Discover the Oldest Beer Recipe in History From Ancient Sumeria, 1800 B.C.

Ninkasi Tablets

Image courtesy of Lock, Stock, and History

Beer, that favorite beverage of football fans, frat boys, and other macho stereotypes—at least according to the advertisers—actually has a very long, distinguished heritage. It’s older, in fact, than wine, older than whiskey, older perhaps even than bread (or so some scholars have thought). As soon as humans settled down and learned to cultivate grains, some 13,000 years ago, the possibility for fermentation—a naturally occurring phenomenon—presented itself. But it isn’t until the 5th century, B.C. that we have sources documenting the deliberate production of ale in ancient Sumeria. Nonetheless, beer has been described as the “midwife of civilization” due to its central role in agriculture, trade, urbanization, and medicine.



Beer became so important to ancient Mesopotamian culture that the Sumerians created a goddess of brewing and beer, Ninkasi, and one anonymous poet, smitten with her powers, penned a hymn to her in 1800 B.C.. A daughter of the powerful creator Enki and Ninti, “queen of the sacred lake,” Ninkasi is all the more poignant a deity given the role of women in ancient culture as respected brewers. The “Hymn to Ninkasi,” which you can read below, not only provides insight into the importance of this custom in Sumerian mythology, but it also gives us a recipe for brewing ancient Sumerian beer—the oldest beer recipe we have.

Translated from two clay tablets by Miguel Civil, Professor of Sumerology at the University of Chicago, the poem contains instructions precise enough that Fritz Maytag, founder of the Anchor Brewing Company in San Francisco, took it upon himself to try them. He presented the results at the annual meeting of the American Association of Micro Brewers in 1991. The brewers, writes Civil, “were able to taste ‘Ninkasi Beer,’ sipping it from large jugs with drinking straws as they did four millennia ago. The beer had an alcohol concentration of 3.5%, very similar to modern beers, and had a ‘dry taste lacking in bitterness,’ ‘similar to hard apple cider.’” A challenge to all you home brewers out there.

Unfortunately, Maytag was unable to bottle and retail the recreation, since ancient Mesopotamian beer “was brewed for immediate consumption” and “did not keep very well.” But what Civil learned from the experiment was that his translation—in the hands of a master brewer “who saw through the difficult terminology and poetic metaphors”—produced results.
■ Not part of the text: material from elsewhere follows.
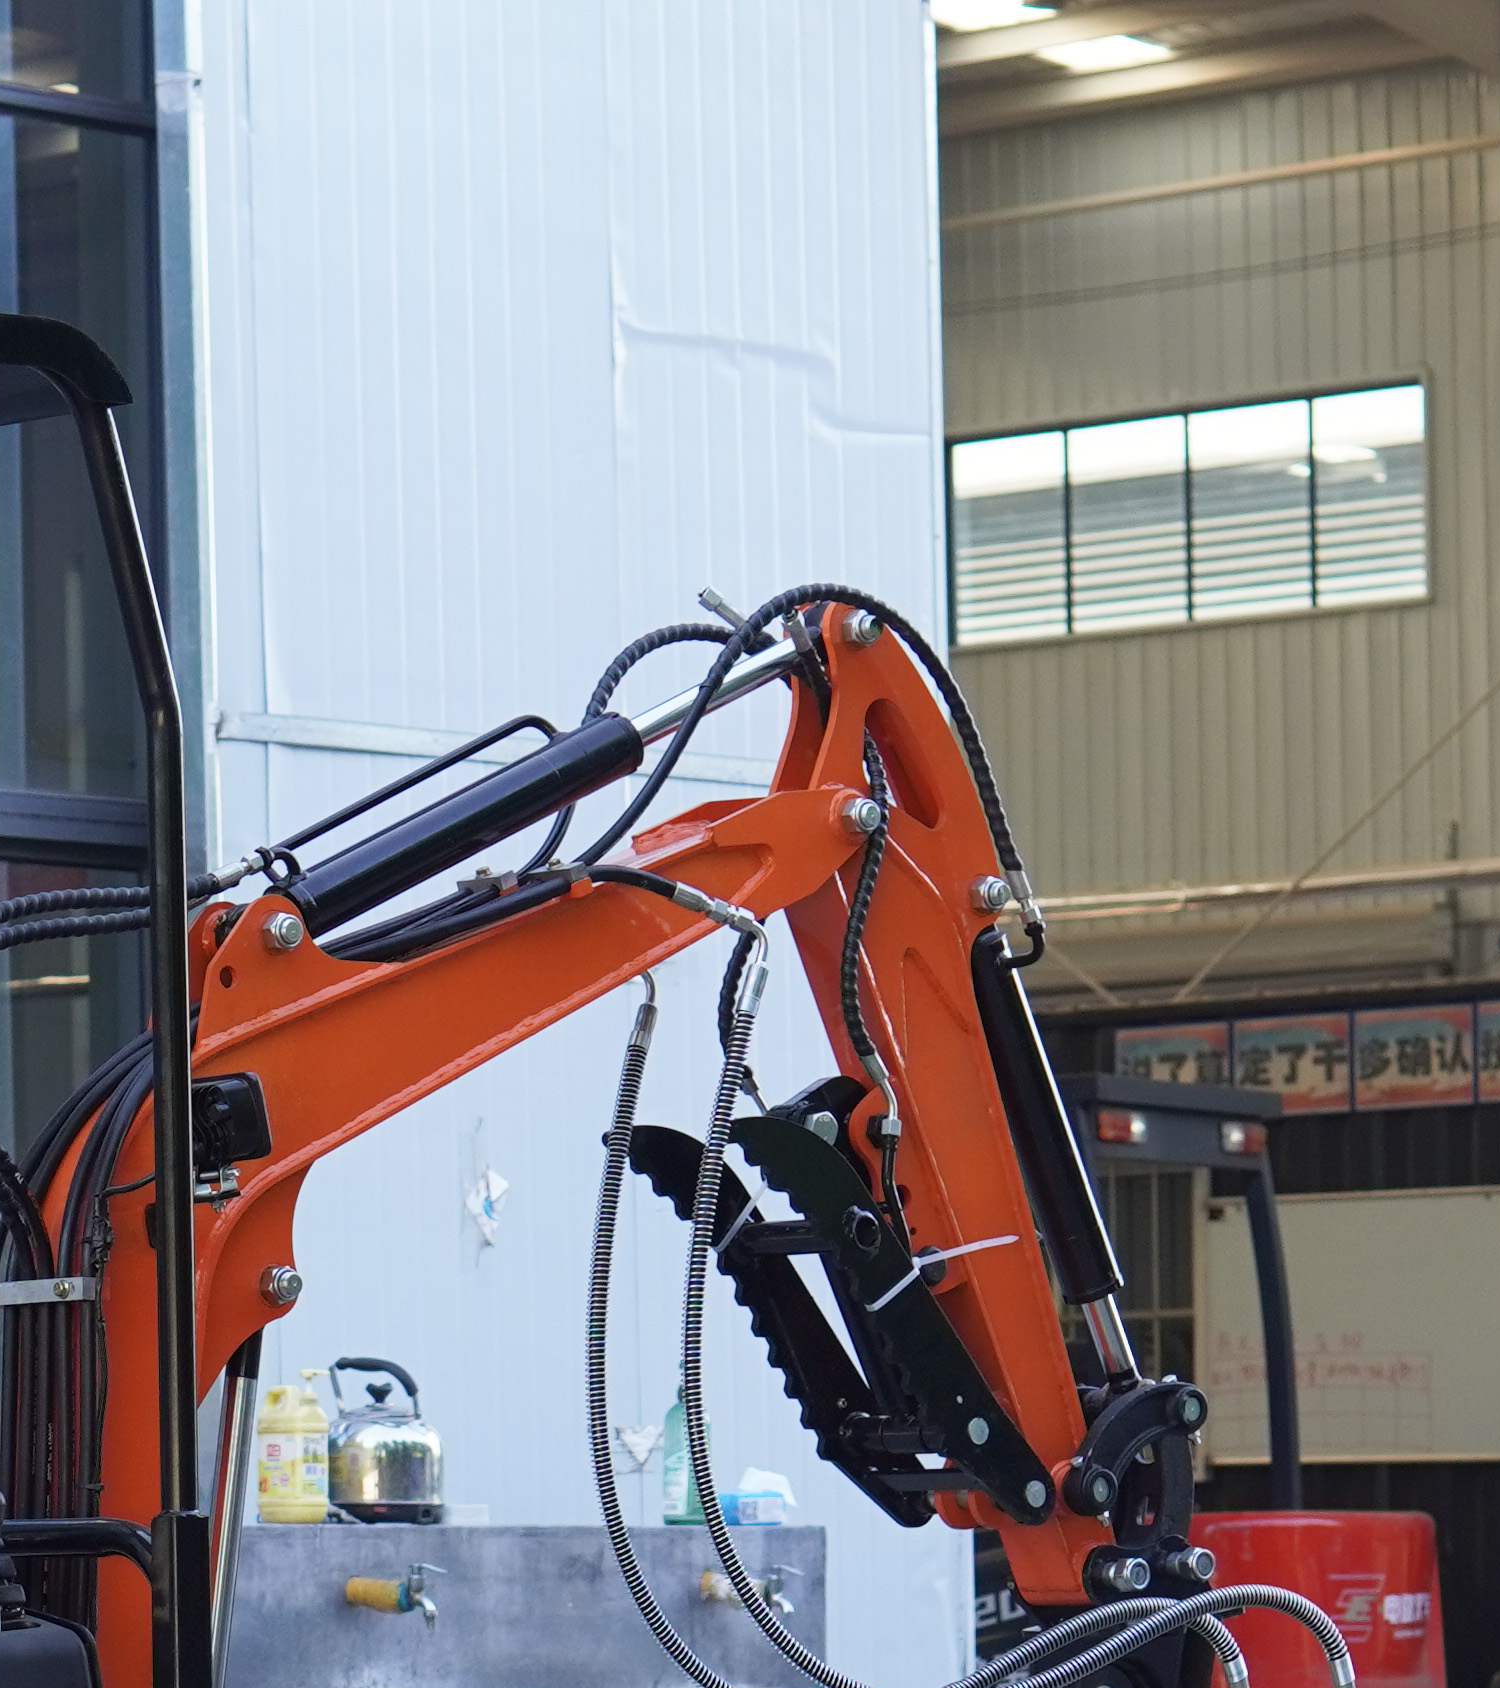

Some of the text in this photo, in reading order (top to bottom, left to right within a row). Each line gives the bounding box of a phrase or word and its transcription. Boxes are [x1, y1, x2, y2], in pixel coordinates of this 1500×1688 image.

[1239, 1039, 1348, 1086] 定了干
[1357, 1029, 1470, 1080] 多确认
Below, see the first part of the “Hymn to Ninkasi,” which describes “in poetic terms the step-by-step process of Sumerian beer brewing.” A second part of the hymn “celebrates the containers in which the beer is brewed and served” and “includes the toasts usual in tavern and drinking songs.” You can read that joyful text—which includes the line “With joy in the heat [and] a happy liver”—on page 4 of Professor Civil’s article on the Hymn.

 

Hymn to Ninkasi (Part I)
Borne of the flowing water,
Tenderly cared for by the Ninhursag,
Borne of the flowing water,
Tenderly cared for by the Ninhursag,

Having founded your town by the sacred lake,
She finished its great walls for you,
Ninkasi, having founded your town by the sacred lake,
She finished it’s walls for you,

Your father is Enki, Lord Nidimmud,
Your mother is Ninti, the queen of the sacred lake.
Ninkasi, your father is Enki, Lord Nidimmud,
Your mother is Ninti, the queen of the sacred lake.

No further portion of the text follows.